Scrolling and zooming around a vast interactive website offers up-close, intricately detailed exterior and interior views of the building, from its grand columns to its dome conceived and partially built by Michelangelo. The cupola is more than 450 feet high and ornately decorated with mosaics of heaven, angels, and saints meant to symbolize god’s glory.
Through the website, digital visitors can take immersive 3D tours of significant basilica spaces. Tradition holds that the apostle Peter, an early and influential Christian leader, is buried at the basilica, which took over 120 years to complete atop of a 4th-century church.
Online explorers can walk through the grottoes, an underground labyrinth of chapels and chambers, and the tombs of more than 90 popes, including Pope John Paul II, who died in 2005, as well as royalty like Queen Christina of Sweden. The digital twin even makes accessible some areas not typically not open to the public.
The virtual twin is part of larger project called “La Basilica Di San Pietro,” which taps cutting-edge technology to preserve the cherished shrine and deepen understanding of its significance and many relics. The project includes two in-person interactive exhibits, though the digital basilica stands at its center.
“It is literally one of the most technologically advanced and sophisticated projects of its kind that has ever been pursued,” Brad Smith, vice chair and president of Microsoft, a project partner, said at a Vatican press conference on Monday.
Over the course of several weeks, Iconem, a French startup that digitizes cultural heritage sites in 3D, captured over 400,000 high-resolution images of the basilica from multiple angles using cameras, drones and lasers. Data from the images tallied to 22 petabytes — it would take almost 5 million DVDs to record all the data in the image trove, Smith said, and were that many DVDs stacked one on top of the other, they’d extend 3.7 miles.

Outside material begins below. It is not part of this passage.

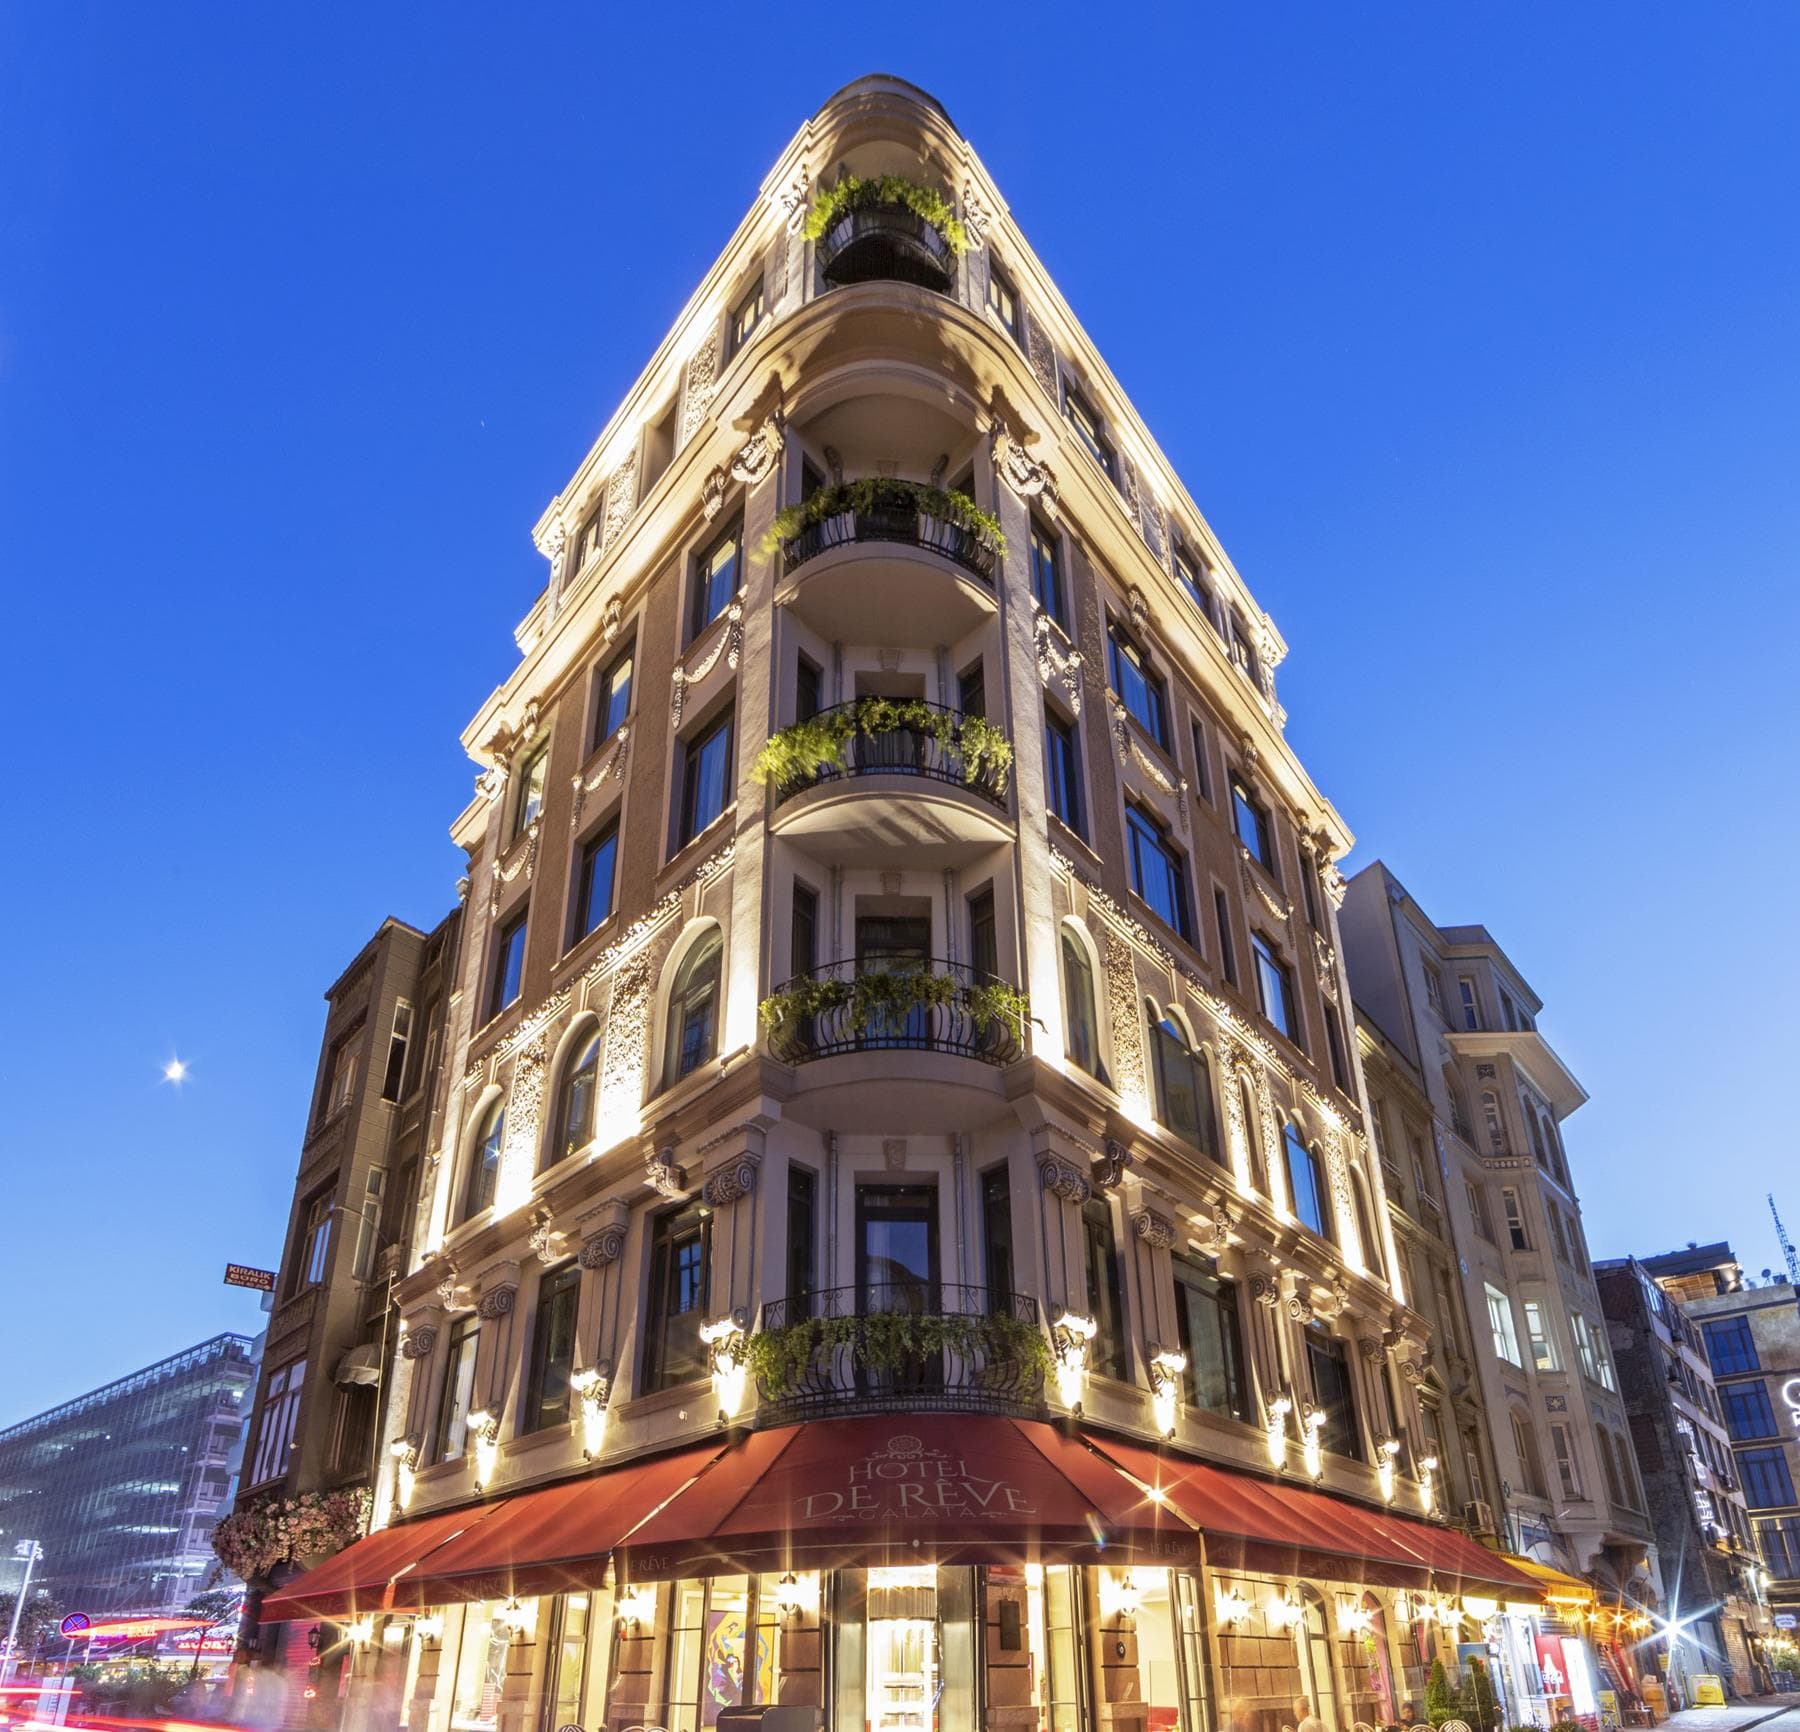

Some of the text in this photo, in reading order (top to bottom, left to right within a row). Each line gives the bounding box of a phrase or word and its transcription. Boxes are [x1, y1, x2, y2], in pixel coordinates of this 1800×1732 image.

[849, 1460, 992, 1484] HOTEL
[794, 1479, 1037, 1518] DE RÊVE
[859, 1507, 976, 1520] GALATA
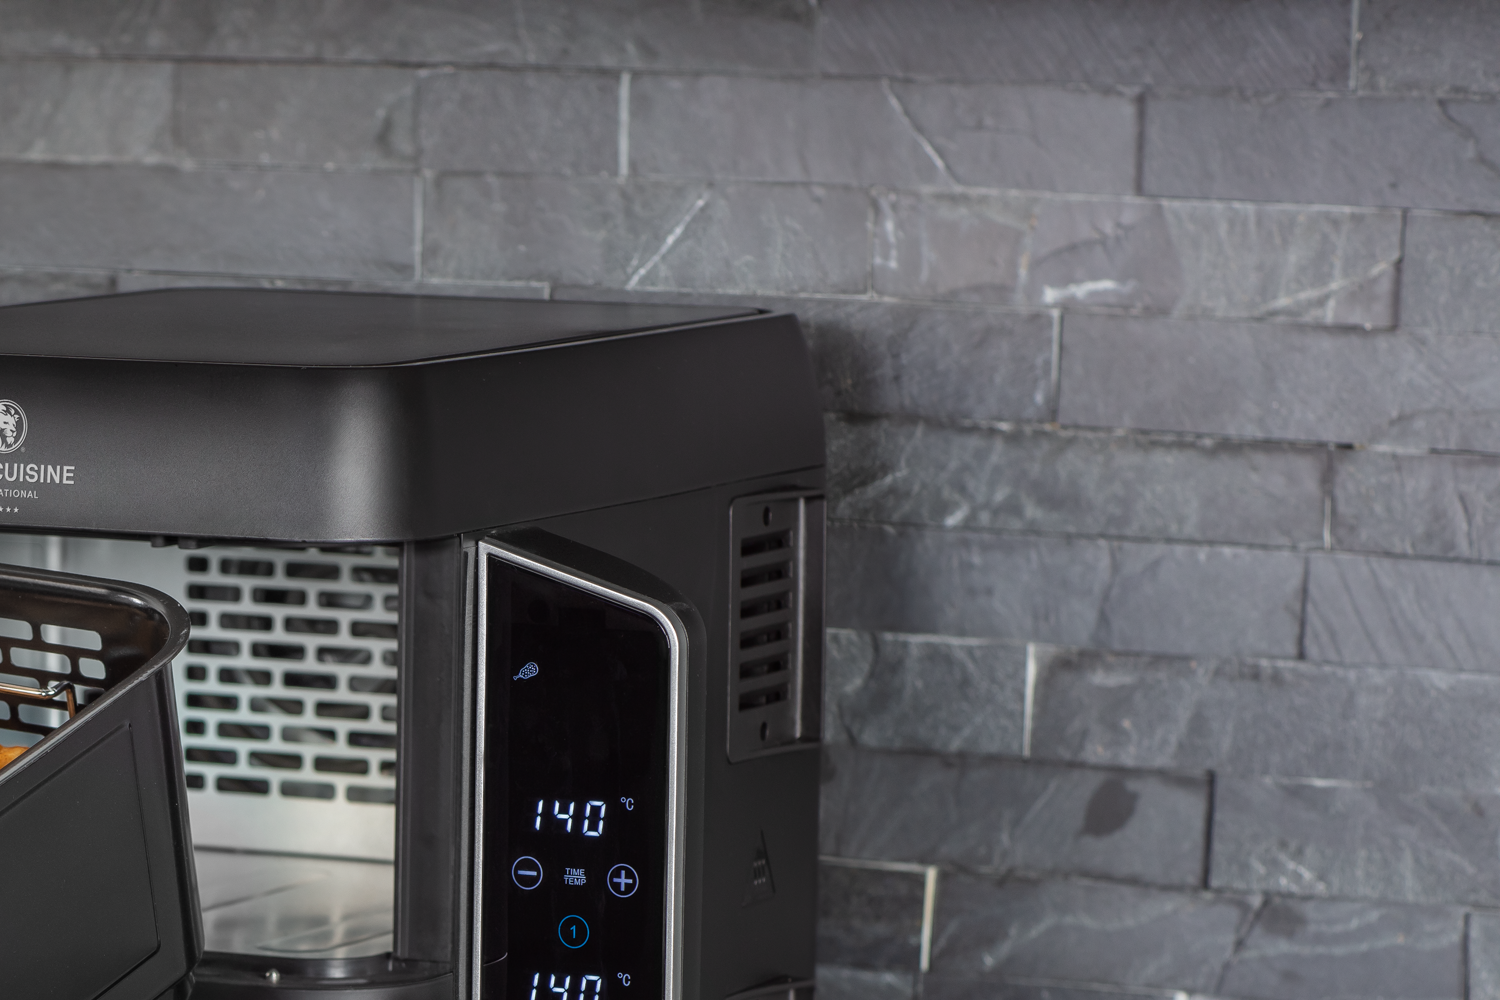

Artificial intelligence played a key role in bringing St. Peter’s Basilica digital twin to life. Microsoft’s AI for Good Lab, which uses AI to model and create digital representations of physical structures, stitched the photos together into visual landscapes that stretch from the church’s top to bottom and into its remote corners. The company’s AI digital preservation tool identified structural problems, such as missing tiles and cracks and fissures invisible to the naked eye, information that could be used for future preservation efforts.
“Centuries of degradation, combined with the daily influx of over 50,000 visitors, have impacted the Basilica’s structure,” Cardinal Mauro Gambetti, Archpriest of St. Peter’s Basilica, said in a statement. “Changes in temperature and humidity caused by this microclimate have led to subtle deterioration.”
Pope Francis has spoken publicly about the power and potential perils of AI, calling it “both exciting and disorienting.” On Monday, the pope spoke with the team responsible for the basilica’s digital reconstruction and with the Fabbrica di San Pietro, the Vatican institution responsible for maintaining and preserving the landmark.
The pope challenged Fabbrica members to use the latest technologies to care for the basilica in both spiritually and materially. He stressed, however, that their work should not be aimed at promoting tourism but on “investing in new means to tell the faith of the church and the culture it has shaped.”
The St. Peter’s Basilica digital twin launches in the run-up to the Vatican’s Jubilee 2025, a yearlong celebration expected to draw some 32 million pilgrims to Rome.